## What you have to do
Without copying the images, write out all the entries below verbatim.

Top of Dataset records

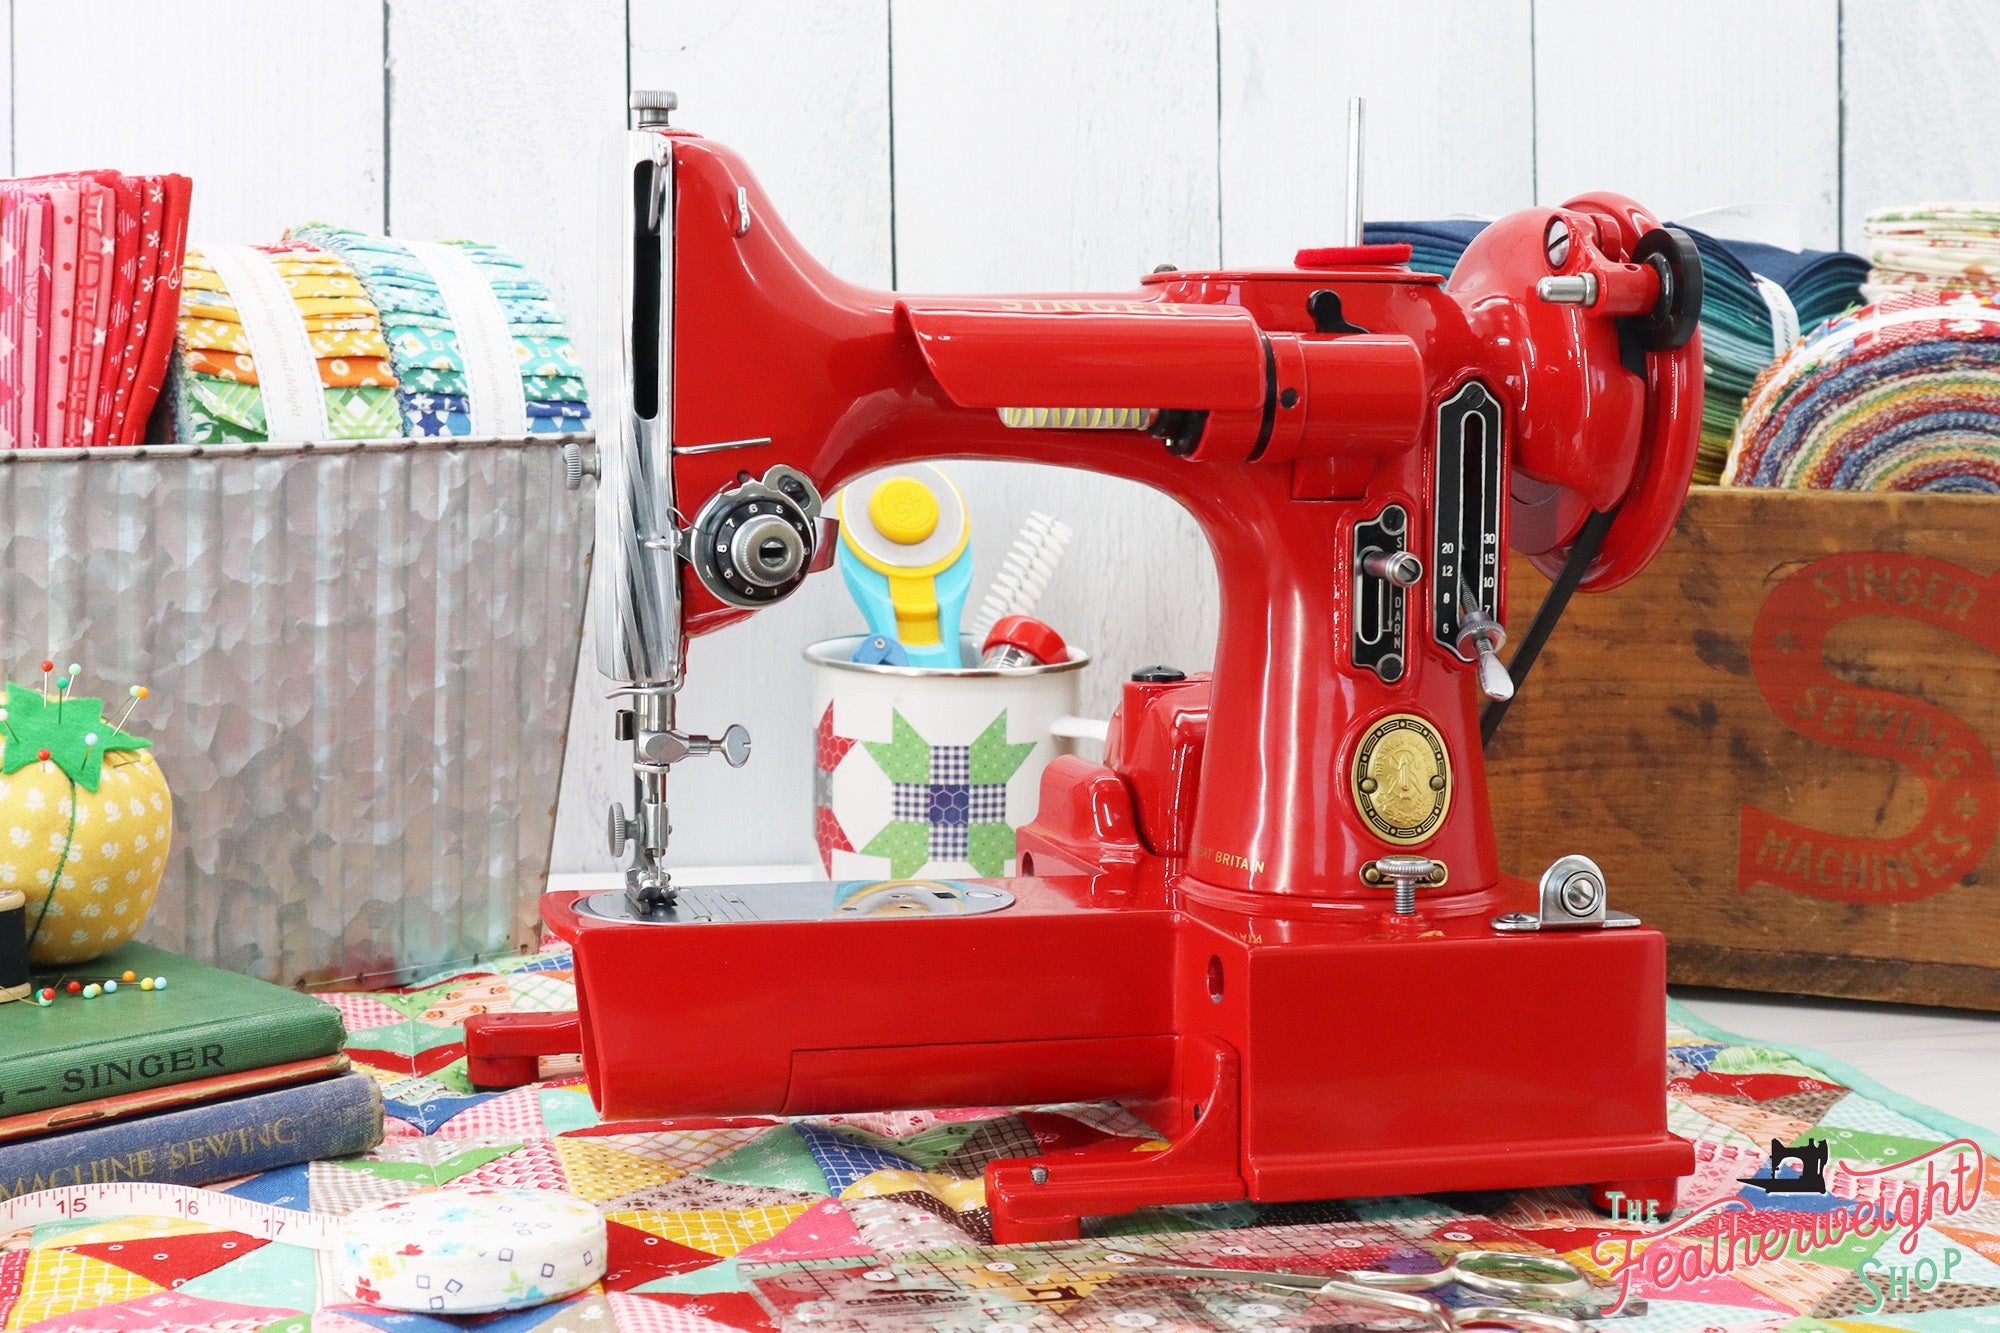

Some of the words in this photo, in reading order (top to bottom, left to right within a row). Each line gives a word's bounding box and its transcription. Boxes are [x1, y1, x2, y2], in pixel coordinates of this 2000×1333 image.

[277, 348, 294, 372] and
[283, 373, 303, 418] delight
[748, 504, 758, 513] 6
[775, 505, 784, 513] 5
[1441, 543, 1454, 554] 20
[1484, 533, 1496, 544] 30
[1442, 566, 1453, 577] 12
[1484, 554, 1495, 565] 15
[1483, 576, 1495, 588] 10
[1811, 563, 1979, 620] SINGER
[1443, 593, 1450, 604] 8
[1394, 597, 1403, 649] DARN
[1443, 623, 1450, 634] 6
[1792, 684, 1973, 781] SEWING
[1756, 825, 1972, 891] MACHINES
[62, 1043, 225, 1094] SINGER
[0, 1148, 155, 1202] MACHINE
[169, 1117, 297, 1170] SEWING
[56, 1197, 87, 1215] 15
[175, 1199, 199, 1215] 16
[263, 1219, 285, 1236] 17

Bottom of Dataset records

## Solution
Some of the words in this photo, in reading order (top to bottom, left to right within a row). Each line gives a word's bounding box and its transcription. Boxes are [x1, y1, x2, y2], in pixel coordinates of this 2000×1333 image.

[277, 348, 294, 372] and
[283, 373, 303, 418] delight
[748, 504, 758, 513] 6
[775, 505, 784, 513] 5
[1441, 543, 1454, 554] 20
[1484, 533, 1496, 544] 30
[1442, 566, 1453, 577] 12
[1484, 554, 1495, 565] 15
[1483, 576, 1495, 588] 10
[1811, 563, 1979, 620] SINGER
[1443, 593, 1450, 604] 8
[1394, 597, 1403, 649] DARN
[1443, 623, 1450, 634] 6
[1792, 684, 1973, 781] SEWING
[1756, 825, 1972, 891] MACHINES
[62, 1043, 225, 1094] SINGER
[0, 1148, 155, 1202] MACHINE
[169, 1117, 297, 1170] SEWING
[56, 1197, 87, 1215] 15
[175, 1199, 199, 1215] 16
[263, 1219, 285, 1236] 17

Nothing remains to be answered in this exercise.